Considerato tutto ciò, il Mef stabilisce che ai fini IMU sono esenti tutti i terreni agricoli, posseduti e condotti dai coltivatori diretti e dagli imprenditori agricoli professionali, iscritti nella previdenza agricola, anche se già pensionati. Tale esenzione vale indipendentemente dall’ubicazione dei terreni stessi.

Sono inoltre considerati non fabbricabili i terreni posseduti e condotti dagli tali soggetti e sui quali persiste l'utilizzazione agro-silvo-pastorale mediante l'esercizio di attività dirette alla coltivazione del fondo, alla silvicoltura, alla funghicoltura e all'allevamento di animali.

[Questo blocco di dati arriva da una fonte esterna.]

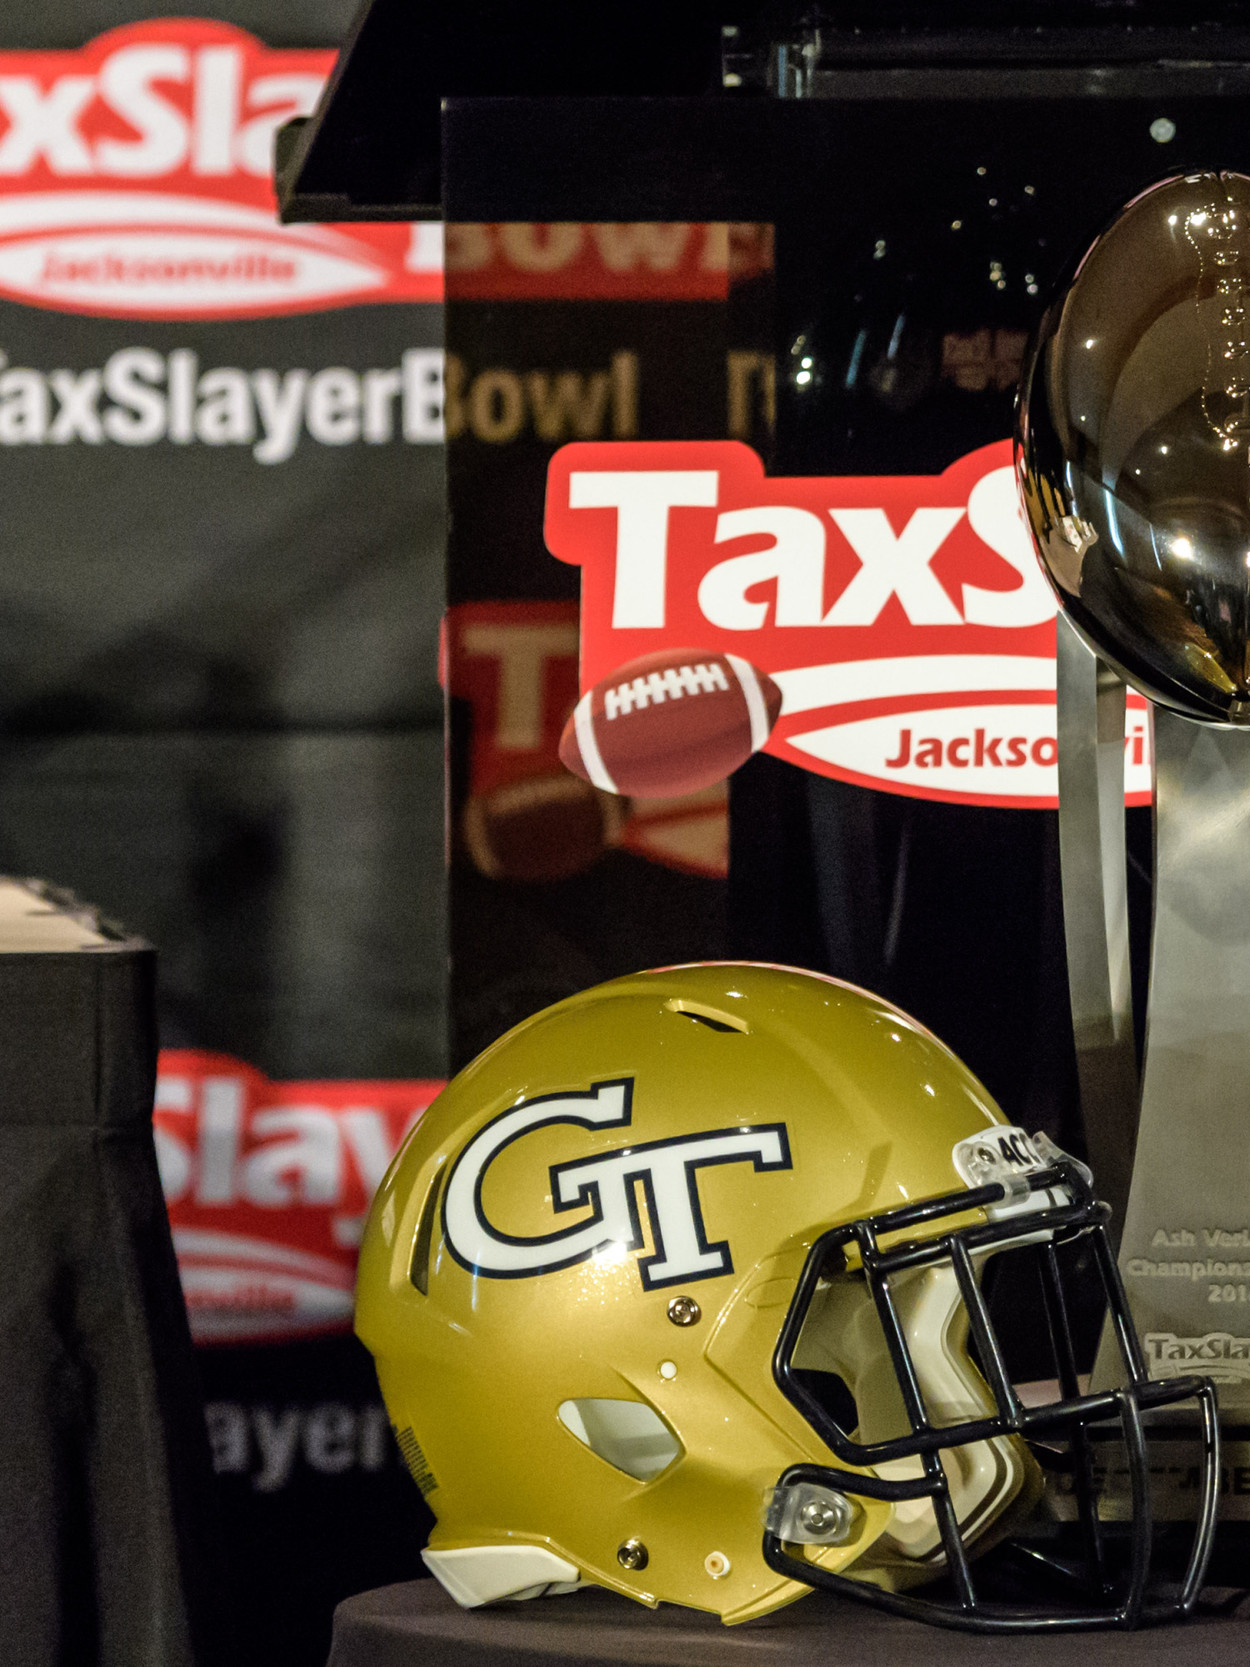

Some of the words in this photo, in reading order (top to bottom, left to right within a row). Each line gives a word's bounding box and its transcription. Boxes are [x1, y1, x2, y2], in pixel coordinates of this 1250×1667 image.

[0, 348, 638, 464] axSlayerBowl
[441, 1077, 792, 1292] GT
[1151, 1229, 1196, 1247] Ash

Imu terreni edificabili: esenzione

L’esenzione dal pagamento dell’Imu vale anche per i terreni edificabili posseduti da coltivatori diretti e dagli imprenditori agricoli professionali sui quali persiste l’utilizzazione agro-silvo-pastorale. L’esenzione si applica qualora si presentino congiuntamente due requisiti:

  • il terreno deve essere posseduto da un coltivatore diretto o da uno Iap;
  • il fondo deve essere coltivato dal possessore.

Quindi tale agevolazione non può essere usufruita quando il proprietario del fondo l’abbia concesso in uso, affitto o comodato ad un altro soggetto.

Nel caso in cui, tra il terreno ed il coltivatore diretto o Iap, iscritto alla previdenza si frapponga una società il beneficio continua a sussistere. Tale eccezione vale sia per le società di persone, per le cooperative e per quelle di capitali a scopo consortile.

Quindi l’Imu non si paga anche nel caso in cui i terreni sono posseduti da coltivatori diretti o Iap che vi svolgano attività tramite società di cui sono soci ed il terreno sia stato dato in fitto o in comodato a detta società.